** ENTRIES SUPPLIED **
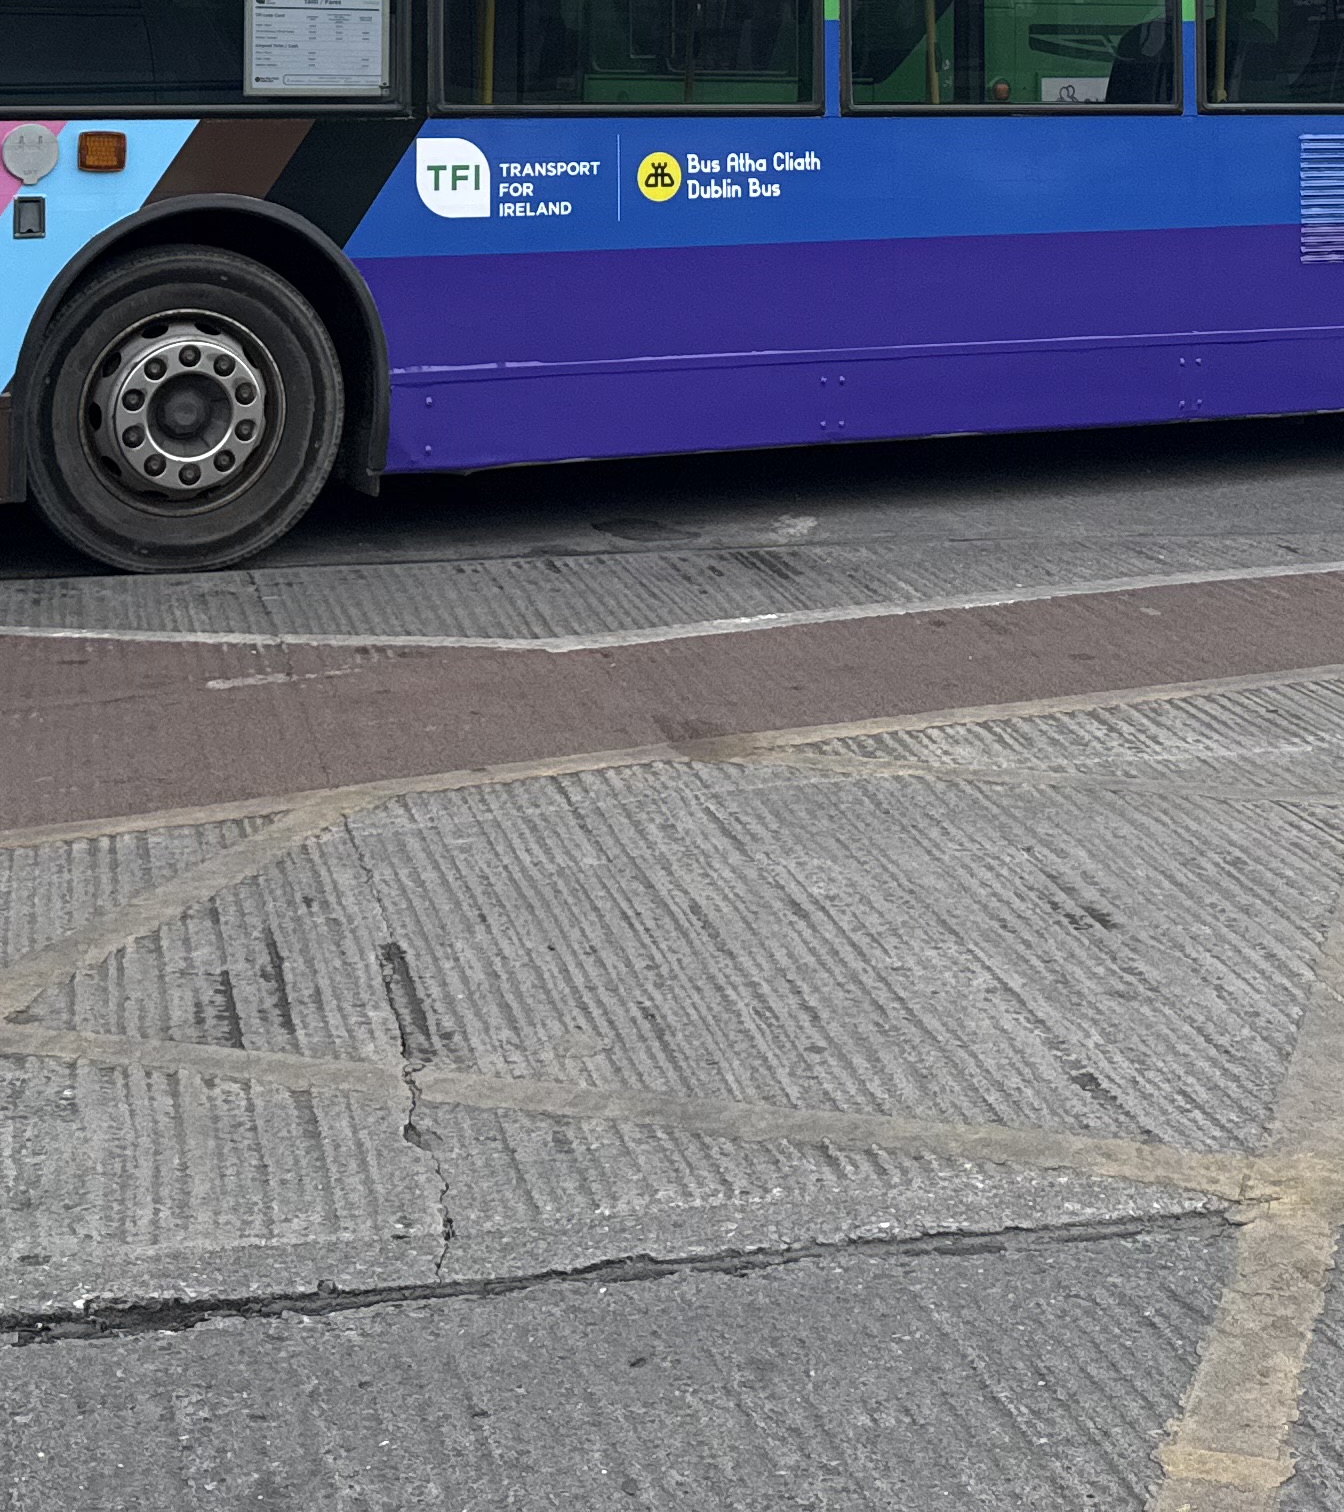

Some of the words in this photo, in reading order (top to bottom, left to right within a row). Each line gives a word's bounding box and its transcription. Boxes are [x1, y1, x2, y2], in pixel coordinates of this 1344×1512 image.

[499, 161, 601, 178] TRANSPORT
[687, 154, 722, 174] Bus
[773, 151, 821, 171] Cliath
[426, 165, 481, 191] TFI
[499, 182, 534, 197] FOR
[687, 178, 742, 201] Dublin
[748, 178, 781, 198] Bus
[499, 200, 572, 217] IRELAND
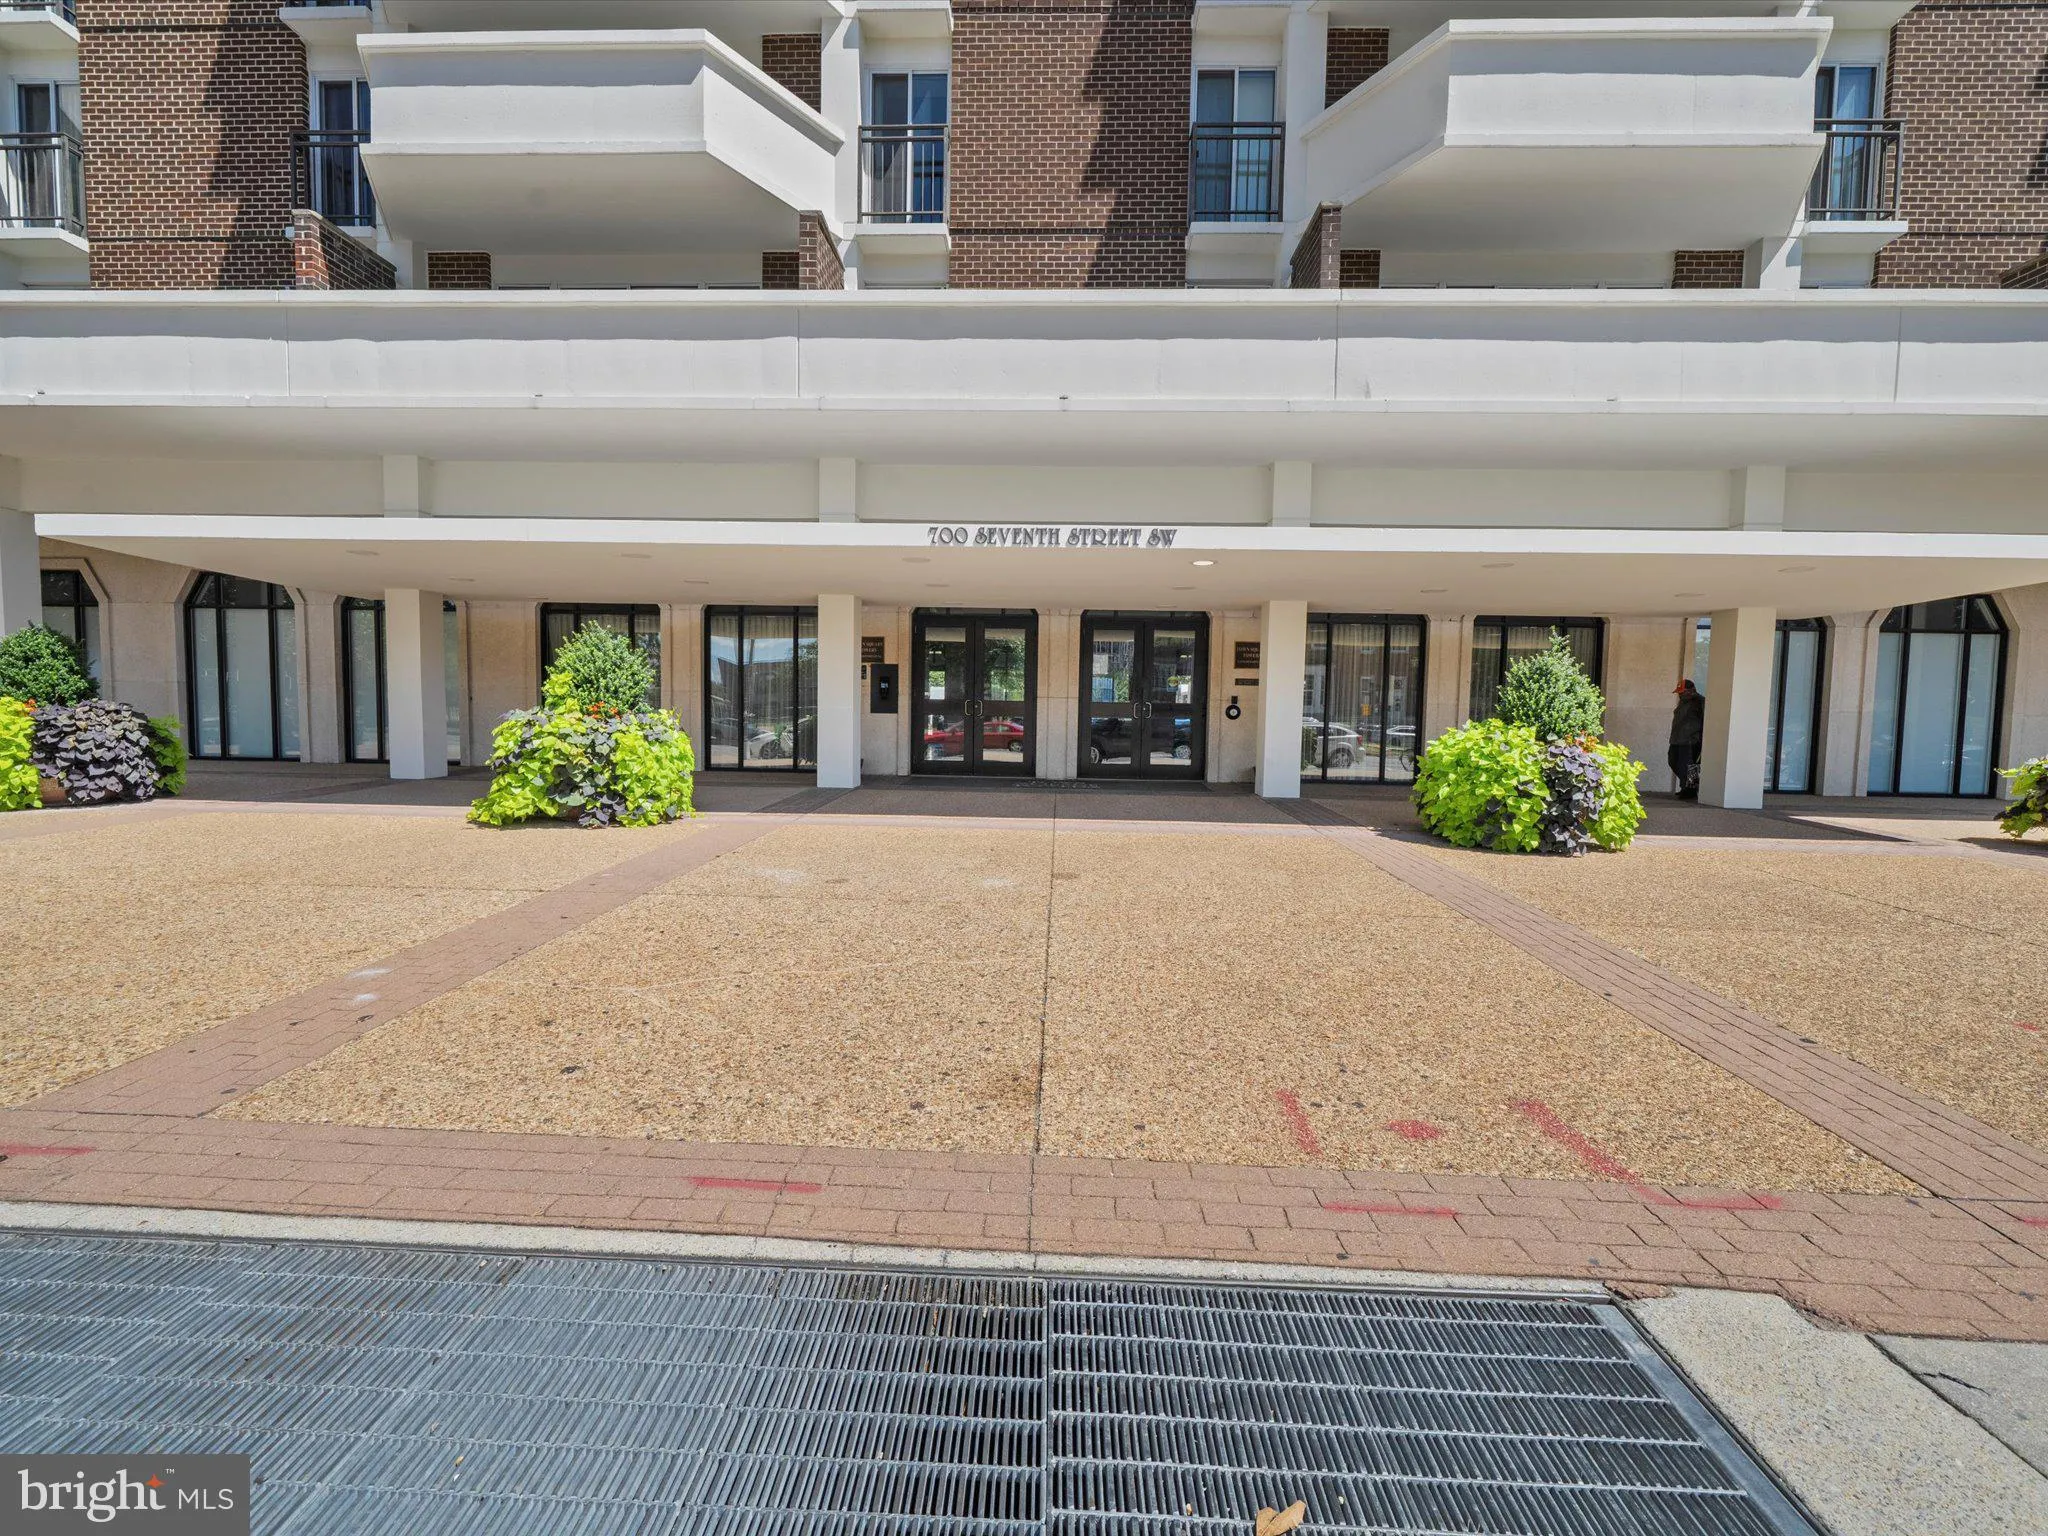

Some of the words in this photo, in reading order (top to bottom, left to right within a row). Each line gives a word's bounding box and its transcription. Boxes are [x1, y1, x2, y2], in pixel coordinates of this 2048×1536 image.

[927, 526, 969, 545] 700
[974, 526, 1061, 546] SEVENTH
[1067, 527, 1142, 546] STREET
[1147, 528, 1178, 547] SW
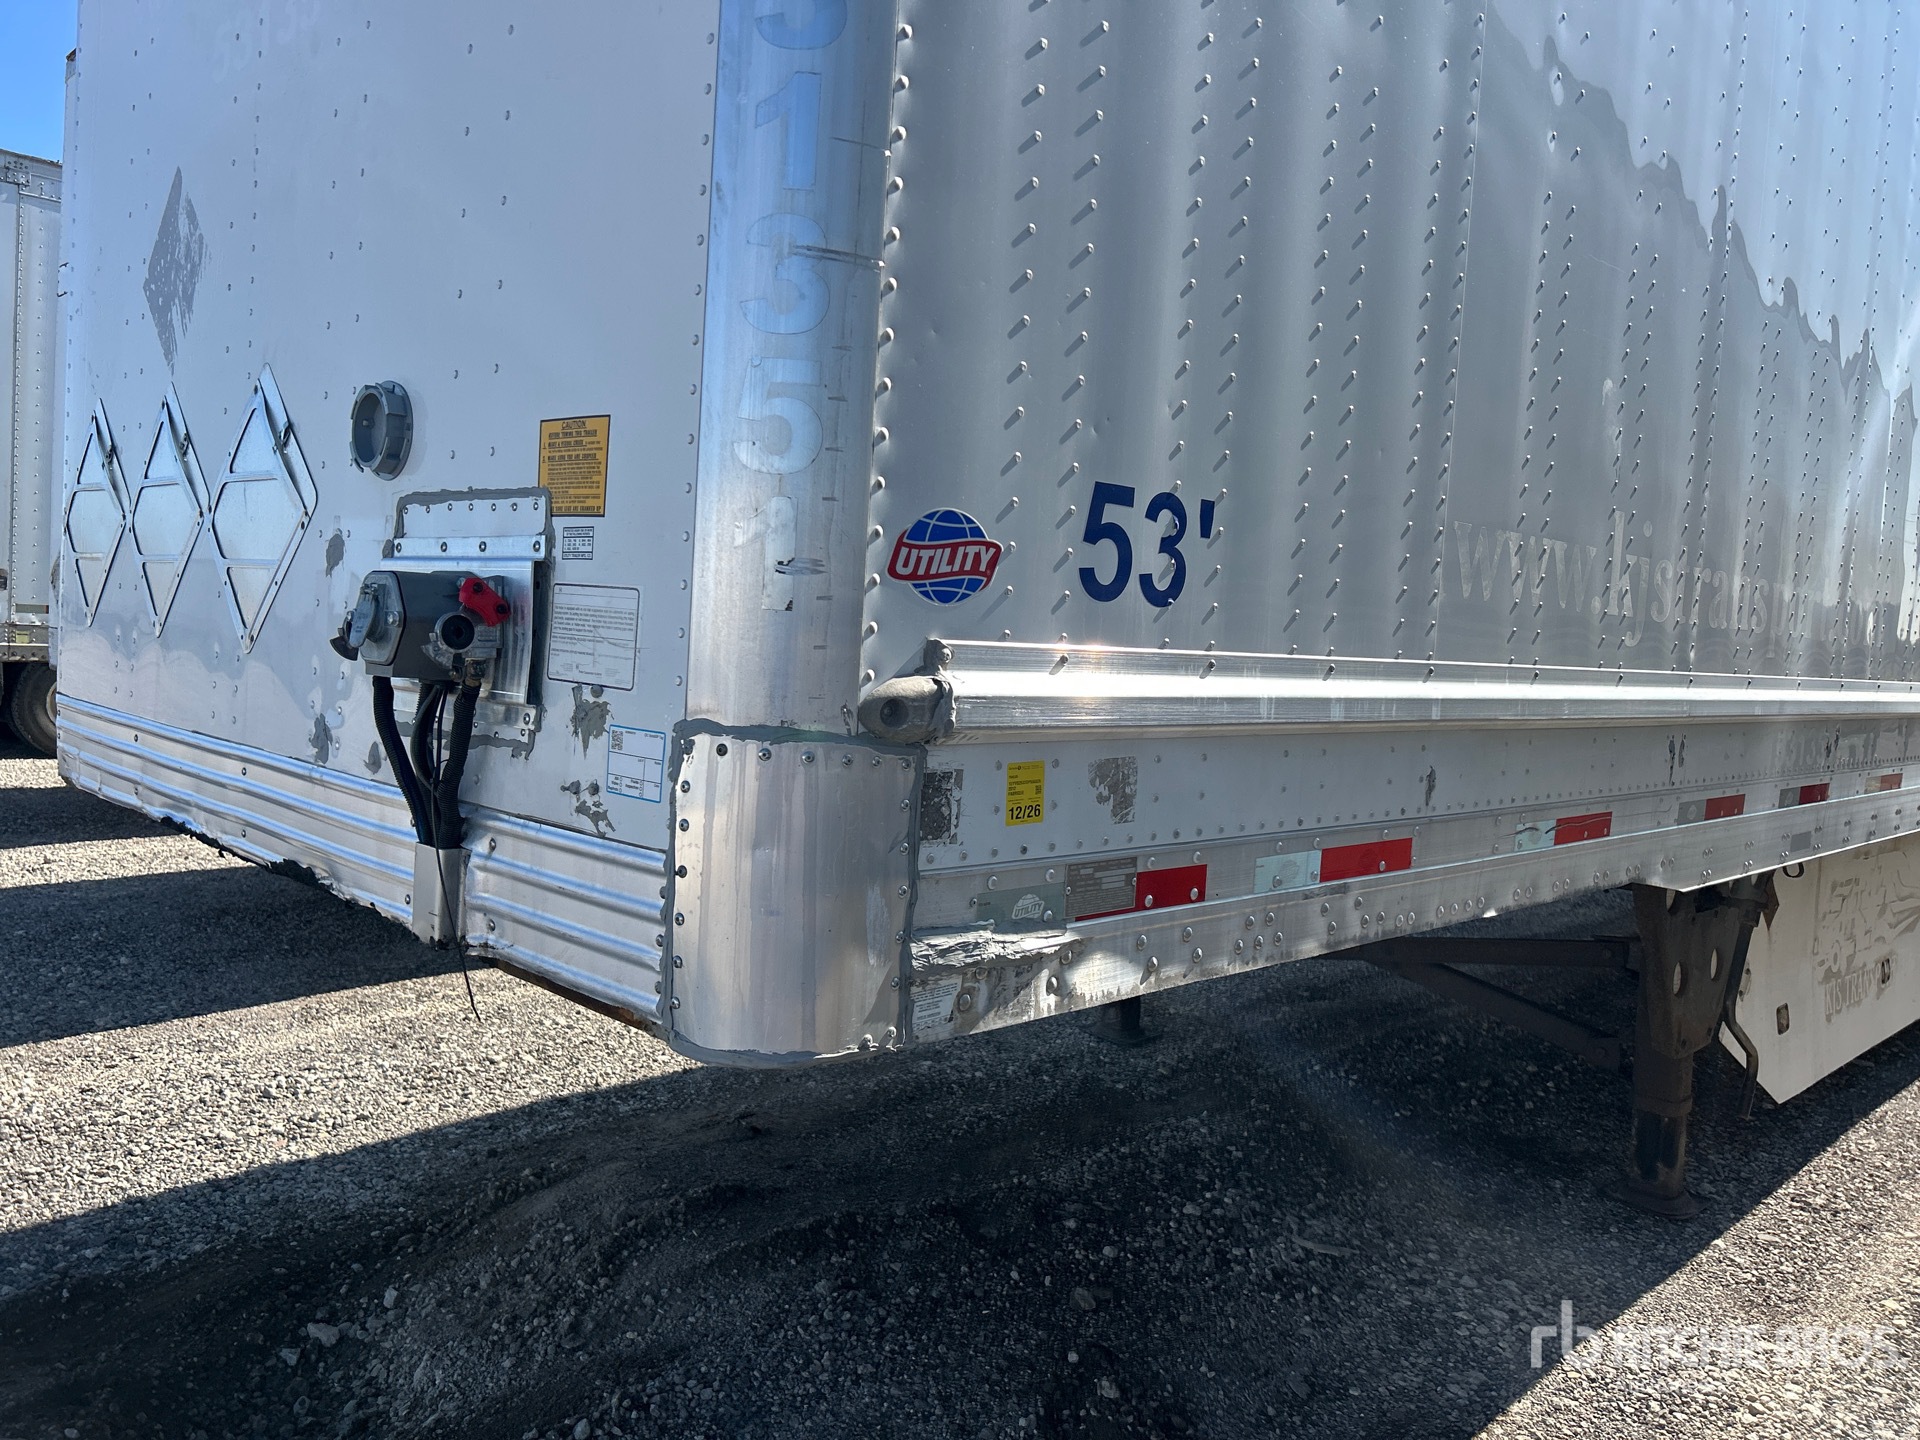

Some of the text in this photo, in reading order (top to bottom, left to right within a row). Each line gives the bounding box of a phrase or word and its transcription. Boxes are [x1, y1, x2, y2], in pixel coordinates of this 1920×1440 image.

[561, 419, 587, 429] CAUTION
[894, 543, 998, 577] UTILITY
[1008, 803, 1041, 821] 12/26
[1014, 902, 1043, 918] UTILITY
[1845, 954, 1897, 1006] TRANSP

** WHAT YOU NEED TO DO **
The answer is the listing above repeated verbatim, minus its images.

** ANSWER SPACE **
Some of the words in this photo, in reading order (top to bottom, left to right within a row). Each line gives a word's bounding box and its transcription. Boxes are [x1, y1, x2, y2], in pixel coordinates of this 1344×1512 image.

[499, 161, 601, 178] TRANSPORT
[687, 154, 722, 174] Bus
[773, 151, 821, 171] Cliath
[426, 165, 481, 191] TFI
[499, 182, 534, 197] FOR
[687, 178, 742, 201] Dublin
[748, 178, 781, 198] Bus
[499, 200, 572, 217] IRELAND

Some of the words in this photo, in reading order (top to bottom, left to right within a row). Each line gives a word's bounding box and its transcription. Boxes are [x1, y1, x2, y2], in pixel coordinates of this 2048×1536 image.

[927, 526, 969, 545] 700
[974, 526, 1061, 546] SEVENTH
[1067, 527, 1142, 546] STREET
[1147, 528, 1178, 547] SW

Some of the text in this photo, in reading order (top to bottom, left to right within a row). Each line gives the bounding box of a phrase or word and its transcription. Boxes are [x1, y1, x2, y2], in pixel coordinates of this 1920×1440 image.

[561, 419, 587, 429] CAUTION
[894, 543, 998, 577] UTILITY
[1008, 803, 1041, 821] 12/26
[1014, 902, 1043, 918] UTILITY
[1845, 954, 1897, 1006] TRANSP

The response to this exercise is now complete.